Axios Configuration Proxy in Three Steps
axios itself does not come with proxy functionality, you have to use http-proxy-middleware middleware. Install the dependencies first:
npm install axios http-proxy-middleware --save
Configuration example (focus on the proxy section):
const axios = require('axios');
const { createProxyMiddleware } = require('http-proxy-middleware');
const service = axios.create({
baseURL: 'https://target-site.com',
timeout: 5000, proxy: false
proxy: false // Must disable default proxy
});
// Proxy middleware configuration
const proxyOptions = createProxyMiddleware({
target: 'https://target-site.com',
changeOrigin: true,
router: function(req) {
// Get the dynamic proxy IP from ipipgo
return `http://${ipipgo.getProxyIP()}`;
}
});
// Mount to the axios instance
service.interceptors.request.use(proxyOptions);
A guide to HF collection to save your life
It's not enough to have an agent, you have to be strategic:
| pothole | prescription |
|---|---|
| IP switching too often | Use each IP for at least 30 seconds before switching |
| Requests are too regularly spaced | Random delay 1-5 seconds |
| Header features are too obvious | Browser fingerprinting library with ipipgo |
Special reminder: do not write a dead proxy IP in the code! It is recommended to use ipipgo's API to dynamically obtain, their IP pool is updated every day 8 million + addresses, the probability of being blocked can be reduced by 70%.
Real-world pit avoidance QA
Q: Proxy IP timeout when I use it?
A: eighty percent is using a free agent, it is recommended to change ipipgo exclusive line. Measured their response speed can be controlled within 200ms, much more stable than the public proxy.
Q: How can I tell if a proxy is in effect?

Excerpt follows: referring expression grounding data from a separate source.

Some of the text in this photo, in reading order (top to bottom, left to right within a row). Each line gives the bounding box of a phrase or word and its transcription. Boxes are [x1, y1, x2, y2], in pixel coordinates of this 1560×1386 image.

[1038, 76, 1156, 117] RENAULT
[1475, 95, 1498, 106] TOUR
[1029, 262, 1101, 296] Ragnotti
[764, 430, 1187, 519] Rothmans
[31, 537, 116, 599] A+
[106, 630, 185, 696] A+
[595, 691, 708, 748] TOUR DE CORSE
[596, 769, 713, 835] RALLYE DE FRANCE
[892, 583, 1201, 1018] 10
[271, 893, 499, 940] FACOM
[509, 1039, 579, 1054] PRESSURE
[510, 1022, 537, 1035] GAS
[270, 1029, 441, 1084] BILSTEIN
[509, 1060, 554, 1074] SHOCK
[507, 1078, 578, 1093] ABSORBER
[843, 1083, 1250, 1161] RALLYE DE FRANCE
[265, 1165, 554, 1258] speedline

A: Add a log to the axios interceptor:
service.interceptors.request.use(config => {
console.log('Proxy currently in use:', config.proxy);
config; return config.
});
Q: What should I do if I encounter a CAPTCHA?
A: two ways: 1) reduce the collection frequency 2) use ipipgo's high stash of proxies, some of their IP segments with automatic CAPTCHA crack, pro-test effective.

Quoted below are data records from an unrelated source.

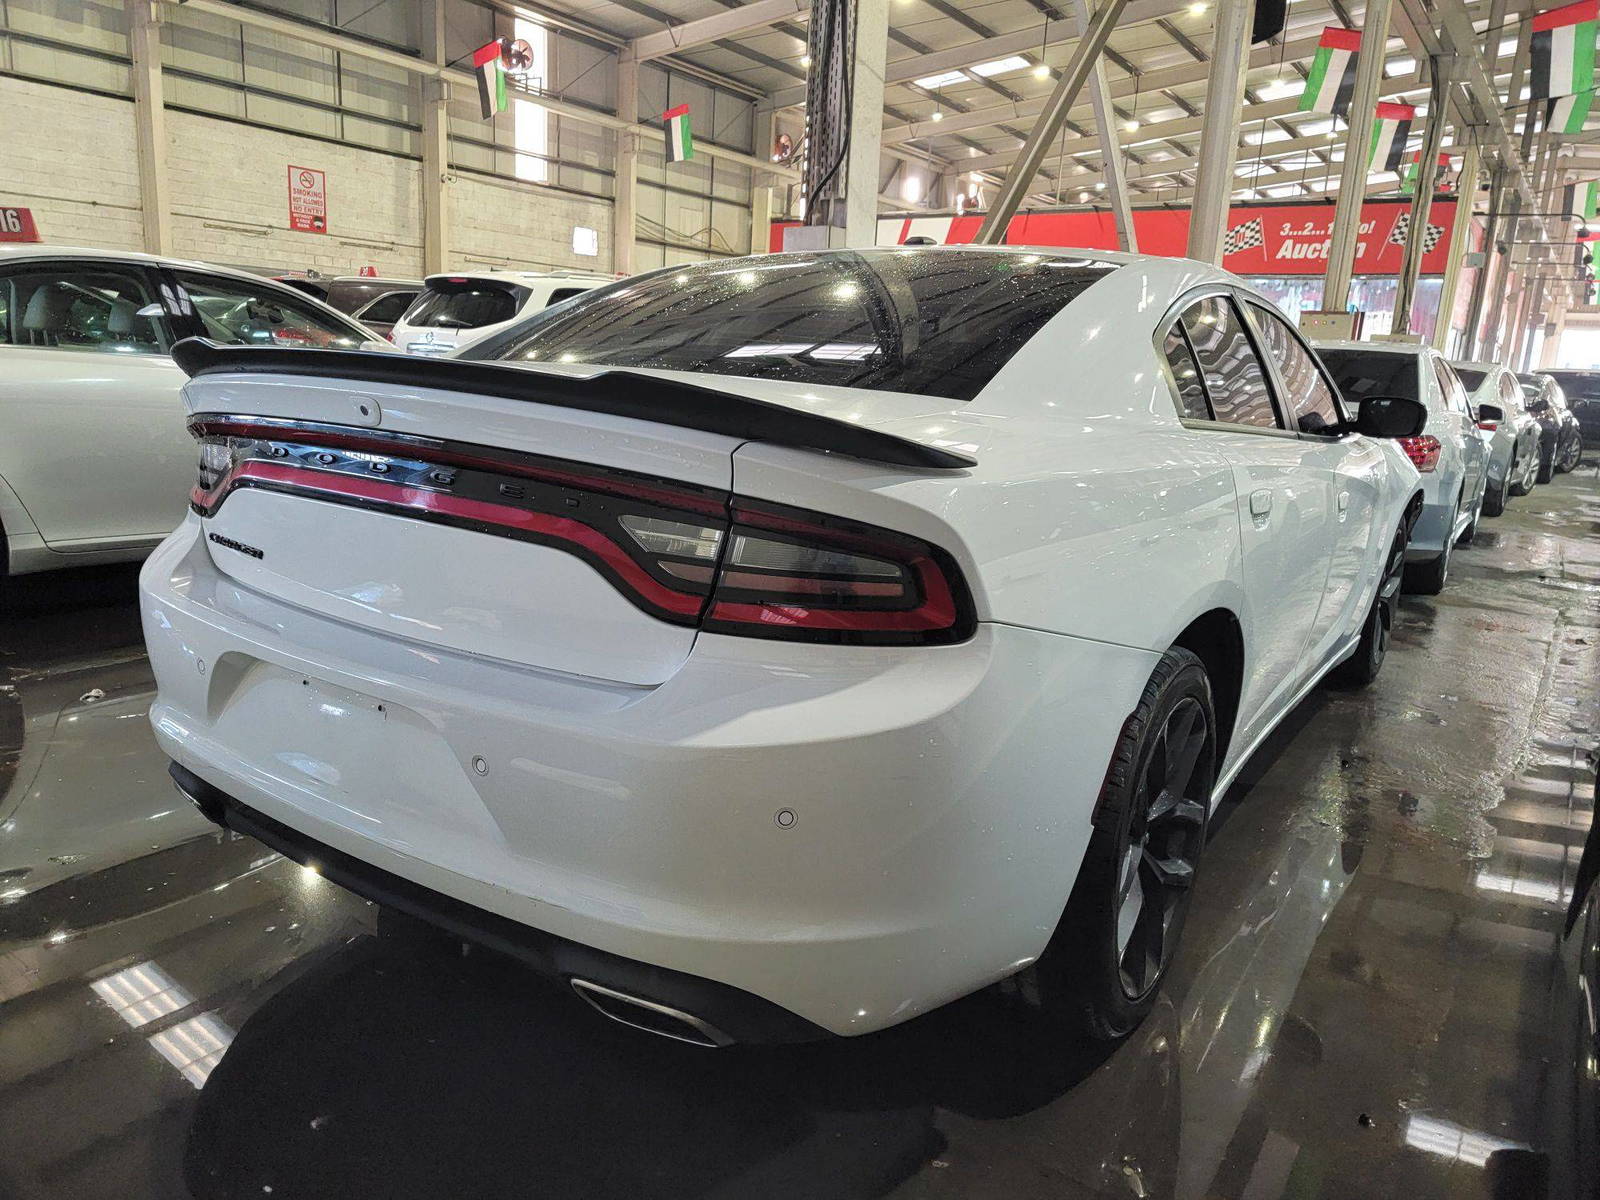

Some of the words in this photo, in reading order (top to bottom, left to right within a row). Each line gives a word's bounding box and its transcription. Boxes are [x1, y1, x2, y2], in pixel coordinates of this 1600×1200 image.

[293, 188, 322, 199] SMOKING
[303, 198, 323, 207] ALLOWED
[304, 207, 323, 215] ENTRY
[1276, 239, 1367, 259] Auctn
[269, 445, 525, 499] DODGE

The doorway to choosing a proxy service
The market is a mixed bag of agency services, to teach you a few tricks to avoid the pit:
- Look at the survival time: ipipgo's IP survives for 48 hours on average, and short-lived proxies can't handle high-frequency collection at all!
- Measure the connectivity: don't believe the advertisement said 99%, write your own script to measure, we have measured ipipgo's connectivity is really 97% or more!
- Than after-sales service: encounter problems can be responded to within 10 minutes is considered pass, this point ipipgo 7 × 24 online customer service is really reliable!
Finally, a big truth: proxy IP is not a panacea, with the request strategy to maximize the effect. Like cooking, fresh ingredients (proxy quality) and fire mastery (collection strategy) is indispensable. With ipipgo's services plus the skills mentioned in this article, the daily collection of millions of data is not a dream.